Nowe podejście przychodzi od młodych konsumentów

Według Jennifer Baker, kierowniczka ds. growth marketingu w agencji twórców internetowych Grin, “Rozwój dupe culture mówi nam o zmianie pokoleniowej w konsumpcji towarów i mediów. Starsze pokolenia mogły szukać kopii po kryjomu, jednak pokolenie Z nie tylko upowszechniło kupowanie podróbek czy produktów niemarkowych, ale też uczyniło #dupe jednym z najczęściej wyszukiwanych słów w mediach społecznościowych”. Słowa Baker potwierdzają również statystyki – o ile ok. ⅓ osób używających makijażu korzysta z zamienników, to w grupie zetek i millennialsów proporcja ta sięga prawie 50 proc. (GCI, 2023 Makeup Consumer Report Circana). Te dwie grupy od lat oglądają video i zdjęcia prezentujące tańsze produkty łudząco podobne do luksusowych oryginałów i chętnie wybierają wariant bardziej przyjazny dla portfela.

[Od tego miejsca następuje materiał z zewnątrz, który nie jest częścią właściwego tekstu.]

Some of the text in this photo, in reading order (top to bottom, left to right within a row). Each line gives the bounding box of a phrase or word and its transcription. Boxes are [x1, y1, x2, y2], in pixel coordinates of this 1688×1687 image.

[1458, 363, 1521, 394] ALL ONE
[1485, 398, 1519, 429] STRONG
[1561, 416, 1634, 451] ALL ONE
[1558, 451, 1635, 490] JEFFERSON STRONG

Szansa dla luksusowych pierwowzorów

Czy dupe culture oznacza ciężkie czasy dla marek wysokopółkowych? Zdecydowanie nie, o ile potrafią one wykorzystać wzmożone zainteresowanie swoimi produktami. Konsumenci dzięki treściom o odpowiednikach poznają obie marki, oryginalnego twórcę i naśladowcę, przez co postrzegają je jako jednakowo modne i warte uwagi. W dodatku zestawienie z bardziej dostępnym produktem podkreśla elitarność jego drogiego pierwowzoru, co dla istotnej grupy konsumentów będzie mocniejszym argumentem za zakupem niż niska cena. Można bez ryzyka stwierdzić, że trend na zamienniki ma o wiele mniejszy wpływ na wyniki sprzedażowe segmentu makijażu luksusowego, niż się to wydaje na pierwszy rzut oka.

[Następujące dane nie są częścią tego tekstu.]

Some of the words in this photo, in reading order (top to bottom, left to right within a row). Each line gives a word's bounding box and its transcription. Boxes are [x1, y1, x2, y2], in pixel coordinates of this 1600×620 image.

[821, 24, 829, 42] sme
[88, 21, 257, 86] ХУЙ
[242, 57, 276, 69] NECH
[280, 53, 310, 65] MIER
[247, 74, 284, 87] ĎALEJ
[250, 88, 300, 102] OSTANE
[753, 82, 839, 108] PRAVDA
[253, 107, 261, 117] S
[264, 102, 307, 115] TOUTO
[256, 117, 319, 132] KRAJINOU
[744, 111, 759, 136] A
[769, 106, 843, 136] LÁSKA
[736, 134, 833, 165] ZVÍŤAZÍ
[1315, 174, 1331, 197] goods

Specjaliści od marketingu sugerują wręcz, aby marki wysokopółkowe wykorzystały dupe culture jako element swoich kampanii promocyjnych. Często wymienianym przykładem jest producent kosmetyków do włosów Olaplex, który zachęcił użytkowników TikToka do szukania i postowania o odpowiednikach ich kosmetyków. Jednocześnie firma komunikowała o wyjątkowości formuł i działania produktów, co miało silne podstawy w rzeczywistości – Olaplex faktycznie wprowadził istotne innowacje najpierw do salonów fryzjerskich, a następnie do domowego użytku.

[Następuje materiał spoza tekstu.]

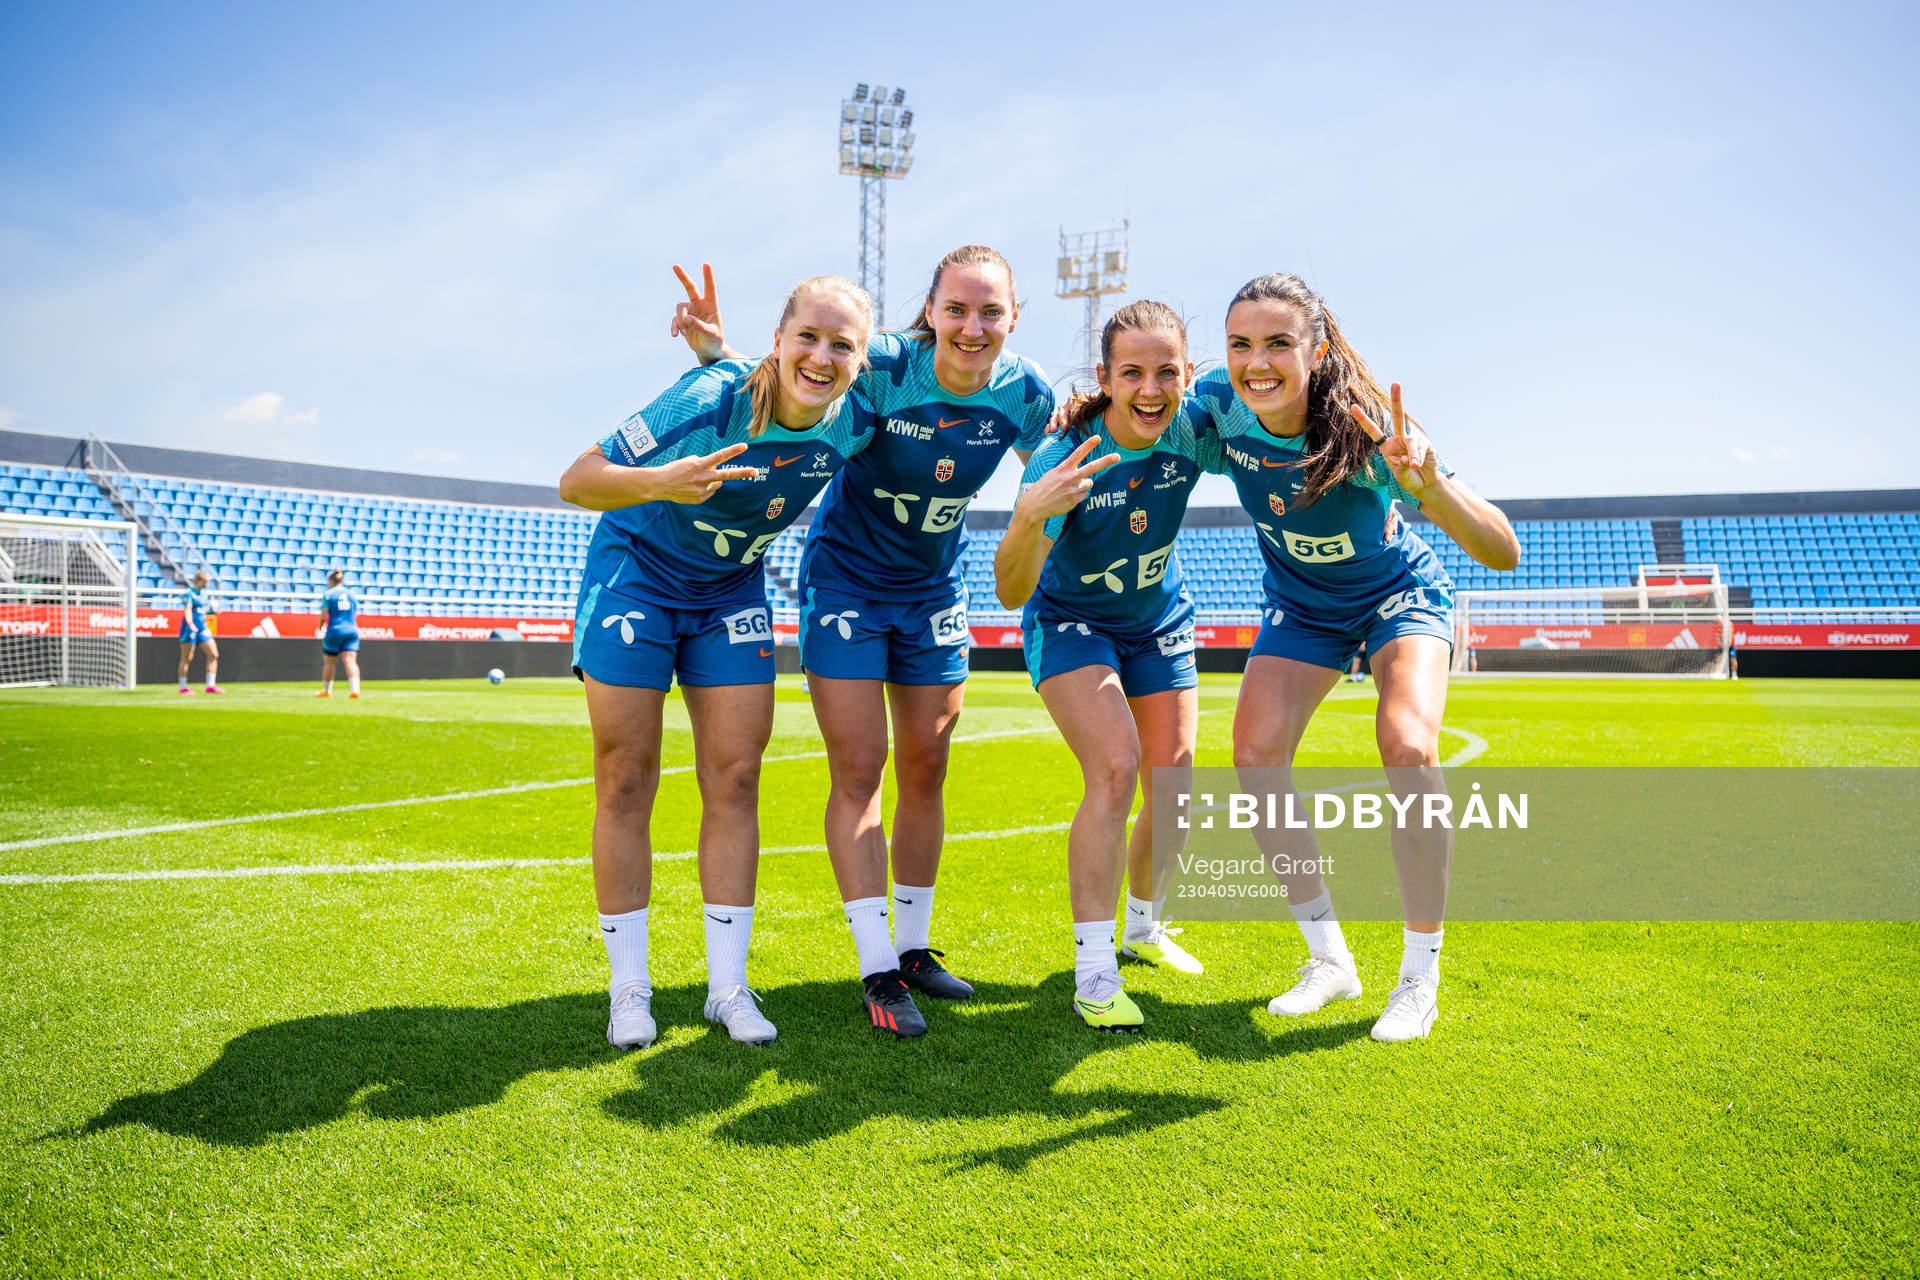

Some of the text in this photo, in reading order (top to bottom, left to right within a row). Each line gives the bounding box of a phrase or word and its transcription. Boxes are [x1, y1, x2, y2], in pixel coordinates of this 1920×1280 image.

[625, 420, 649, 449] DNB
[886, 418, 919, 437] KIWI
[920, 426, 934, 434] mini
[1112, 490, 1127, 499] mini
[1153, 482, 1170, 490] Norsk
[1113, 499, 1126, 507] pris
[1294, 540, 1344, 557] 5G
[1144, 552, 1170, 580] 5
[734, 614, 767, 636] 5G
[939, 611, 966, 637] 5G

@olaplex #OLAPLEX just can’t be duped. 160 patents say so. ?? Let us know in the comments, did you get duped? Share this with someone looking for the real #hairrepair hero! #undupable #oladupe ♬ original sound - Olaplex

Gdzie te nowości?

Na pierwszy rzut oka może wydawać się, że w pogoni za viralami i mikrotrendami coraz więcej producentów będzie polegało na bezpiecznym naśladownictwie niż prawdziwie konkurencyjnej innowacji, sprawiającej, że rynek makijażowy pozostaje ekscytującym sektorem branży beauty. Z drugiej strony krótkie cykle trendów wymagają od marek – zarówno tych bardziej przystępnych cenowo, jak i wysokopółkowych – trzymania ręki na pulsie, dogłębnego poznawania swojej klienteli i aktualizowania oferty dla jej potrzeb. Jednego możemy być pewni: nie powieje nudą!